Originally posted by Lord Lucan I don't really care about the camera body being 26mm thinner. Maybe someone would who wants to put their camera into their pocket or handbag, but then we are talking more about the P&S camera market. And the thinner body is no advantage if you then need to put an adaptor on it to make up the thickness for those legacy lenses, or indeed if the lenses for the mirrorless body are themselves longer for optical reasons - otherwise even standard focal length lenses are required to be of reverse telephoto design (a compromise) as most SLR wide angle lenses are now That's all fine for P&S and the budget market but less than opimal for the top end. I hate adaptors anyway, just something more to fiddle with and go wrong.
Whether or not you care about the body being thinner for the sake of physical dimensions, the short registration distance gives a lot of flexibility in adapting MF and, in some cases, AF lenses from different mounts.

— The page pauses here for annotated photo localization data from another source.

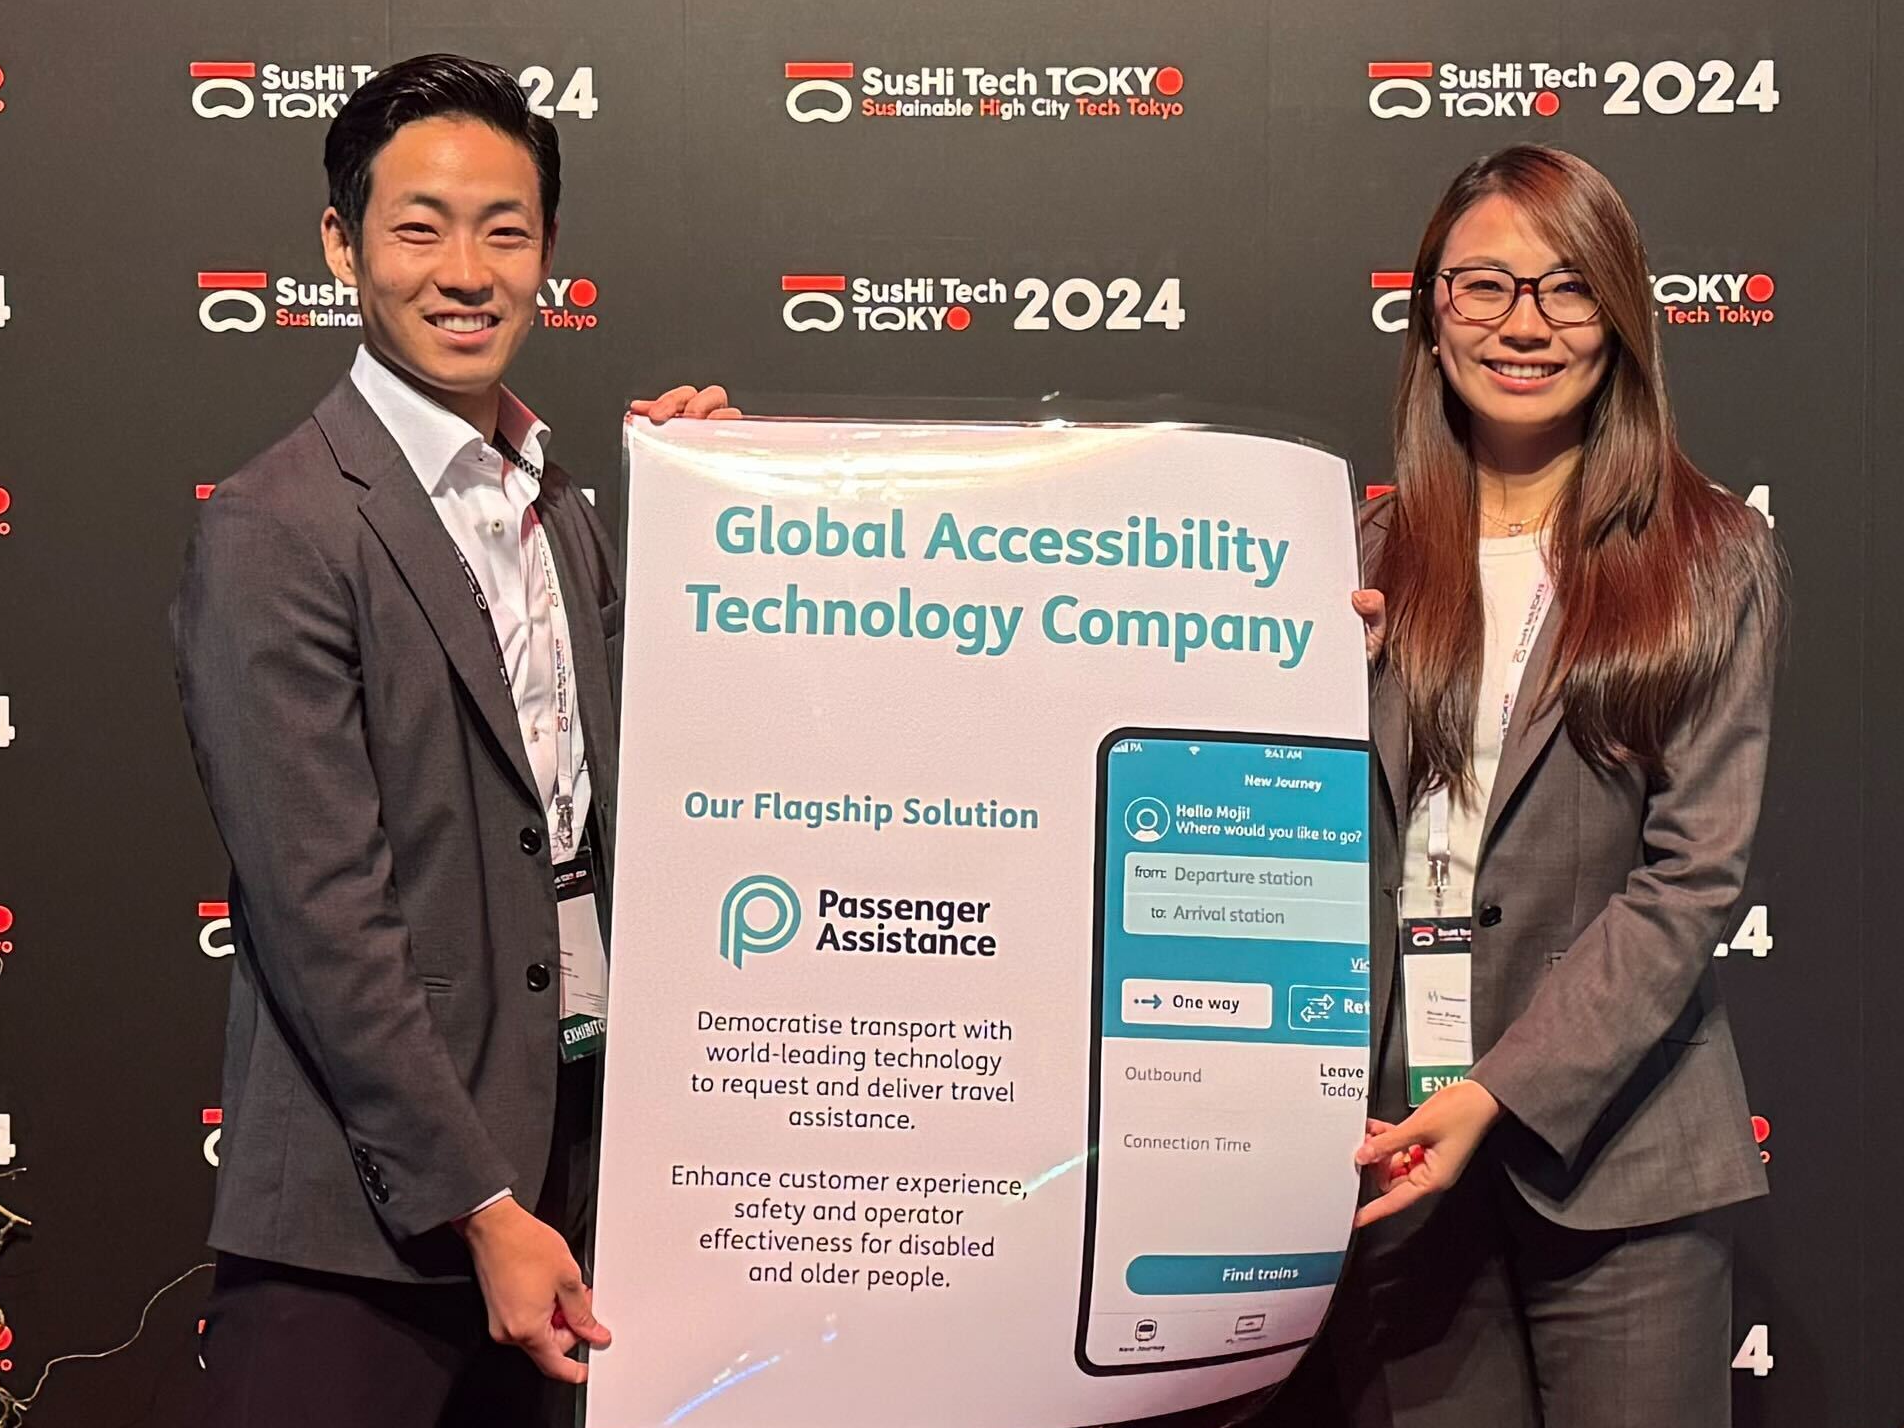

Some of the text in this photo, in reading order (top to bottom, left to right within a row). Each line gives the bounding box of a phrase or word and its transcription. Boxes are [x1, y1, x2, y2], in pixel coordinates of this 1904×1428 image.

[1440, 62, 1596, 89] SusHi Tech
[1604, 60, 1779, 114] 2024
[1440, 92, 1559, 117] TOKYO
[716, 506, 1289, 588] Global Accessibility
[685, 584, 1313, 668] Technology Company
[1286, 750, 1303, 760] AM
[1244, 774, 1323, 793] New Journey
[685, 791, 1039, 831] Our Flagship Solution
[1216, 805, 1251, 823] Moji!
[1176, 821, 1363, 845] Where would you like to go?
[1135, 866, 1313, 887] from: Departure station
[819, 889, 991, 930] Passenger
[1151, 905, 1285, 925] to: Arrival station
[816, 923, 996, 957] Assistance
[1172, 994, 1240, 1014] One way
[697, 1011, 1013, 1043] Democratise transport with
[706, 1042, 1002, 1076] world-leading technology
[1319, 1063, 1364, 1078] Leave
[1125, 1066, 1202, 1083] Outbound
[692, 1074, 1015, 1103] to request and deliver travel
[788, 1107, 916, 1130] assistance.
[1123, 1133, 1251, 1153] Connection Time
[671, 1165, 1028, 1200] Enhance customer experience,
[734, 1198, 964, 1228] safety and operator
[699, 1228, 995, 1257] effectiveness for disabled
[749, 1261, 951, 1292] and older people.
[1222, 1268, 1299, 1282] Find trains

That may not be of interest to you, but it vastly increases the number of other-system lenses that can be used with the camera. A good number of folks seem to value that... not just those that enjoy vintage glass, but those who might have favourite lenses from other systems.
If I'm shooting my A7 MkII with my A-mount lenses, I take it in my camera bag with the LA-EA4 AF adapter already fitted, and I have no need to remove it in the field. In that application, it's no smaller than a reasonably compact DSLR, but that's fine because I'm treating it like a native A-mount camera. Actually, it's still smaller and lighter than my HV (Sony A99), and whilst the camera plus adapter combination might look a little ungainly, it handles perfectly well even with bigger, longer lenses, despite the thinner body (in fact, the A7II + LA-EA4 adapter is remarkably similar in size and shape to the Pentax KP, with its thin body and protruding mirror box).
If I'm shooting other glass - which in my case is mostly vintage manual lenses in M39 RF, M39 SLR, M42, K and F-mount - I take the camera, an adapter or two, and the lenses I want to use. Again, size isn't a concern for me. Flexibility is. I don't care about being able to put the camera in my pocket or a handbag like a P&S. I do, however, care that the short registration distance allows me to use almost any lens on that one body - and it's the only camera I own that allows me to do that.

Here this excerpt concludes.